- Theatrical release poster
- Directed by: Karthick Raghunath
- Story by: Rajeev
- Based on: Rajavinte Makan by Thampi Kannanthanam
- Produced by: Suresh Balaje
- Starring: Sathyaraj Ambika Rajesh
- Cinematography: Ashok Chowdhry
- Edited by: P. Vasu
- Music by: Chandrabose
- Production company: Suresh Arts
- Release date: 14 April 1987;
- Country: India
- Language: Tamil

= Makkal En Pakkam =

1987 film by Karthick Raghunath

Makkal En Pakkam is a 1987 Indian Tamil-language gangster action film directed by Karthik Raghunath. The film stars Sathyaraj, Rajesh, and Ambika. It is a remake of the 1986 Malayalam film Rajavinte Makan.
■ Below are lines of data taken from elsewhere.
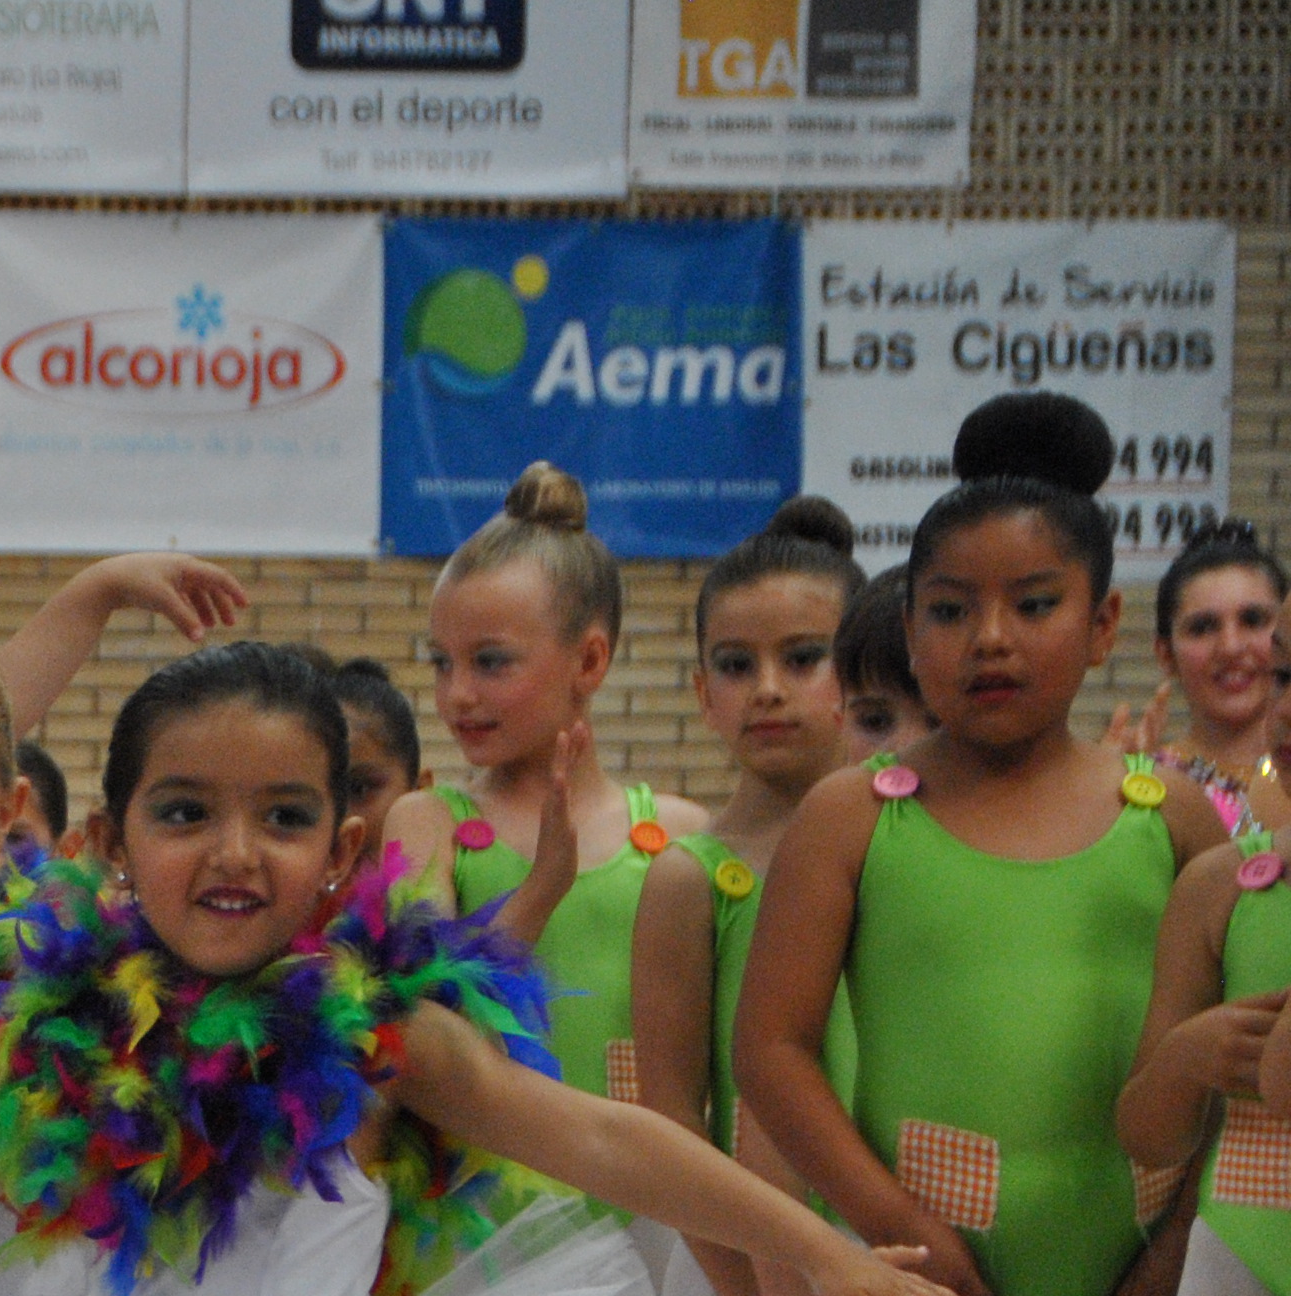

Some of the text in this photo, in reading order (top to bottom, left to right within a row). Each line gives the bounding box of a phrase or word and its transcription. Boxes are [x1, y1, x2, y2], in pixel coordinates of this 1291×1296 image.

[680, 36, 799, 92] TGA
[270, 89, 544, 134] con el deporte
[1000, 266, 1046, 308] de
[1063, 264, 1216, 310] Servicio
[39, 320, 302, 409] alcorioja
[531, 319, 788, 406] Aema
[817, 321, 917, 373] Las
[952, 319, 1215, 386] Cigüeñas
The film was released on 14 April 1987.

== Plot ==

Samraj and Rajmohan are good friends who become enemies due to a false theft accusation on Samraj. Rajmohan becomes a great political leader whereas Samraj becomes a great smuggler. With Rajmohan's political influence, Samraj smuggling business was affected. Radha, Rajmohan's girlfriend, works as a junior assistant for his friend who hands an important file to her. It contains details on Samraj's illegal business. Knowing this, Samraj tries to retrieve the file, only to get Radha in trouble. When Samraj realises that she is in trouble he tries to help and consecutively falls in love with her. Radha lets Samraj know that she has a child by Rajmohan and that affair was unofficial.

Police officials respond to the order of Rajmohan and try to arrest Samraj. He escapes most occasions and continues to be king of smugglers. Finally when Rajmohan attempts to revenge Samraj, Samraj close friends Michael and Ramesh get killed. Samraj becomes extremely ferocious and chases Rajmohan at his residence with firearms, kills plenty of his party men, but hesitates to kill Rajmohan as Radha intercepts.
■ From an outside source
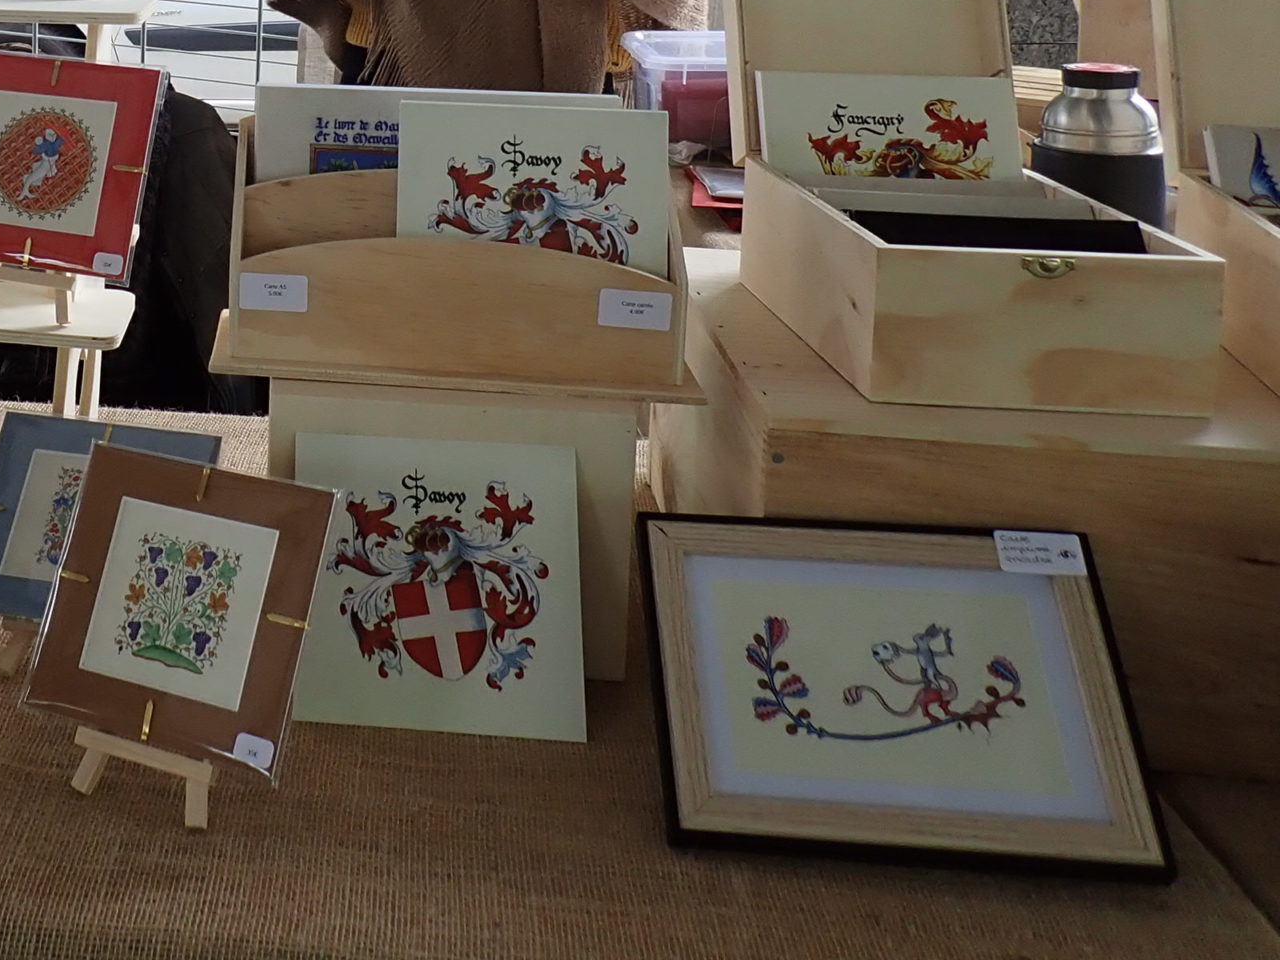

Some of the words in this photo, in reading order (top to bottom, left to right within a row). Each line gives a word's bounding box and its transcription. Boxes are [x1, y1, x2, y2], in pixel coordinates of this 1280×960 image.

[827, 103, 905, 138] Faucigny
[500, 134, 563, 179] Savoy
[401, 467, 467, 516] Savoy
The film has two ends. One in which a police officer kills Samraj and another in which Radha kills Rajmohan after Samraj is dead. Both climaxes were well received by the audience.

== Production ==
In the 1970s, M. G. Ramachandran was due to star in a film titled Makkal En Pakkam, but the project was dropped after he quit the film industry to enter politics. In early 1987, producer K. Balaji launched a film with the same name starring Sathyaraj, which was a remake of the Malayalam film Rajavinte Makan (1986), itself inspired by Sidney Sheldon's novel Rage of Angels (1980). Alex Mathew, who appeared as a student leader in the Malayalam film, reprised his role in the Tamil remake. Sathyaraj said he accepted to act in the film because it was a remake of a successful film, and was guaranteed to do well. Makkal En Pakkam, like a previous Sathyaraj film Palaivana Rojakkal (1986), was made with political overtones.

== Soundtrack ==
The music was composed by Chandrabose, with lyrics by Vairamuthu.

Track listing
| No. | Title | Singer(s) | Length |
|---|---|---|---|
| 1. | "Kongu Nadu Thangam Ada" | S. P. Balasubrahmanyam | 4:35 |
| 2. | "Maane Pon Maane Vilaiyada" | S. Janaki | 4:06 |
| 3. | "Andavanai Paarkanum Avanukku" | S. P. Balasubrahmanyam | 4:33 |
| 4. | "Panchangam Yeanga" | S. P. Balasubrahmanyam, S. Janaki | 4:23 |
| Total length: |  |  | 17:37 |

== Release and reception ==
Makkal En Pakkam was released on 14 April 1987. The following week, N. Krishnaswamy of The Indian Express wrote, "The film has enough 'dhum' to keep lay viewers happy" and praised the performances of Sathyaraj and Rajesh. Jayamanmadhan of Kalki criticised the film for its inconsistent tone.